_WHAT YOU SHOULD DO:_ Carry over every entry exactly as written, though not the pictures it contains.

*** ENTRIES SHOWN Section Begins ***

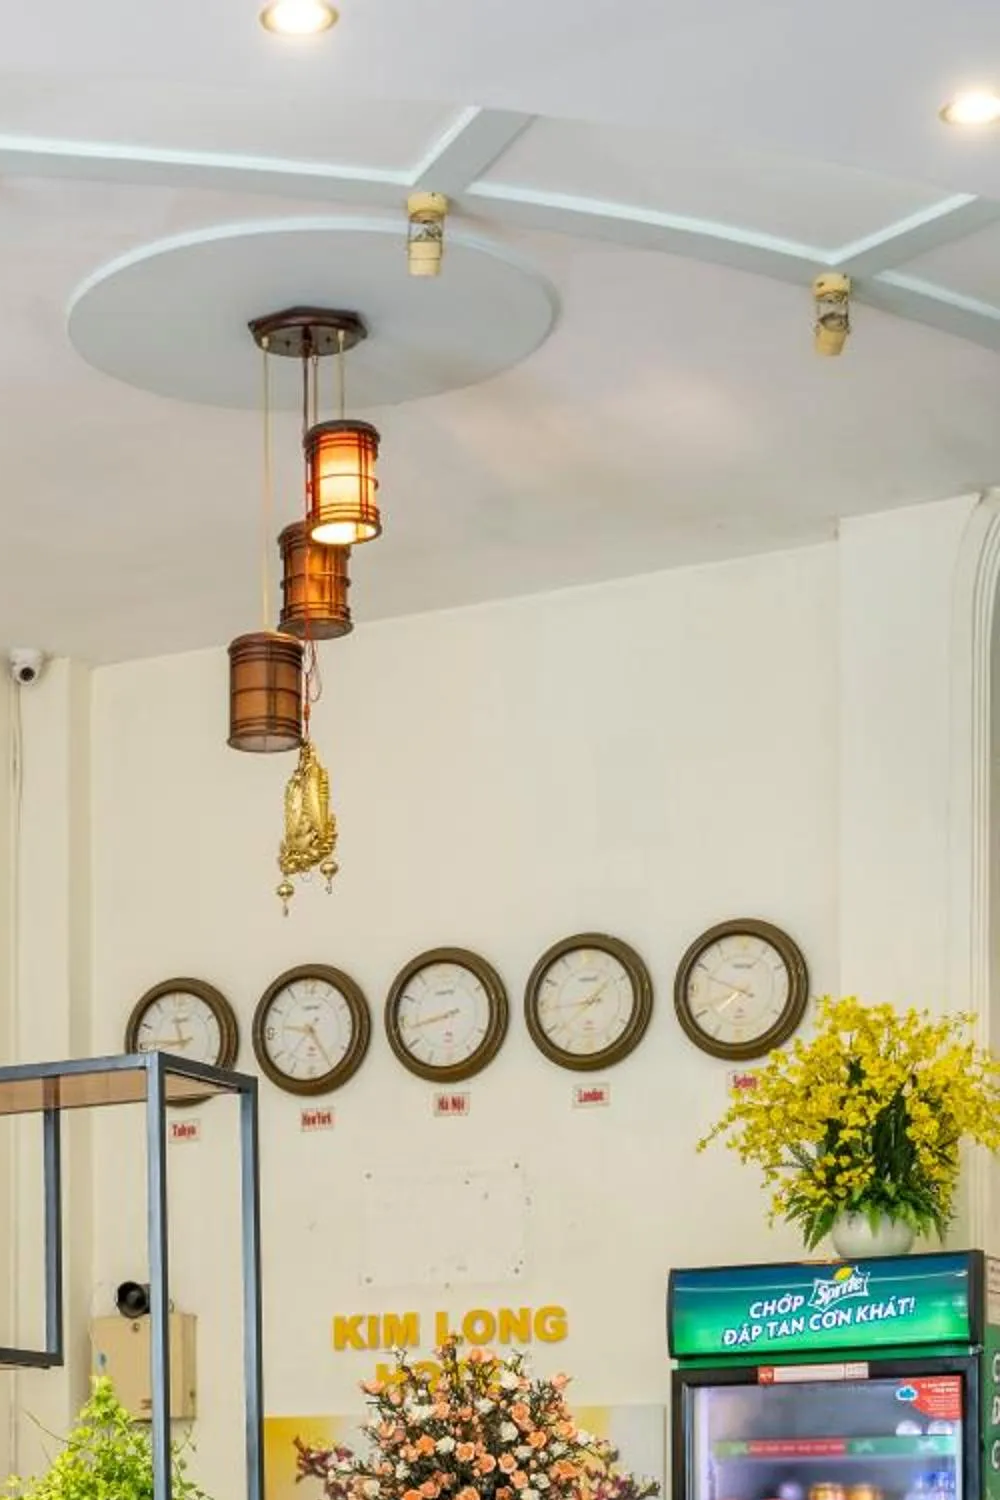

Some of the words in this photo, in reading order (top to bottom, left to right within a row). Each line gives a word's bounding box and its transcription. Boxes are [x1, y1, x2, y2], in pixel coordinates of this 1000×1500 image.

[750, 1293, 805, 1319] CHỚP
[815, 1276, 864, 1304] Sprite
[766, 1317, 805, 1339] TAN
[809, 1309, 851, 1331] CƠN
[855, 1295, 915, 1323] KHÁT!
[332, 1311, 420, 1351] KIM
[435, 1305, 569, 1346] LONG

*** ENTRIES SHOWN Section Ends ***

_WRITTEN SOLUTION:_
Some of the words in this photo, in reading order (top to bottom, left to right within a row). Each line gives a word's bounding box and its transcription. Boxes are [x1, y1, x2, y2], in pixel coordinates of this 1000×1500 image.

[750, 1293, 805, 1319] CHỚP
[815, 1276, 864, 1304] Sprite
[766, 1317, 805, 1339] TAN
[809, 1309, 851, 1331] CƠN
[855, 1295, 915, 1323] KHÁT!
[332, 1311, 420, 1351] KIM
[435, 1305, 569, 1346] LONG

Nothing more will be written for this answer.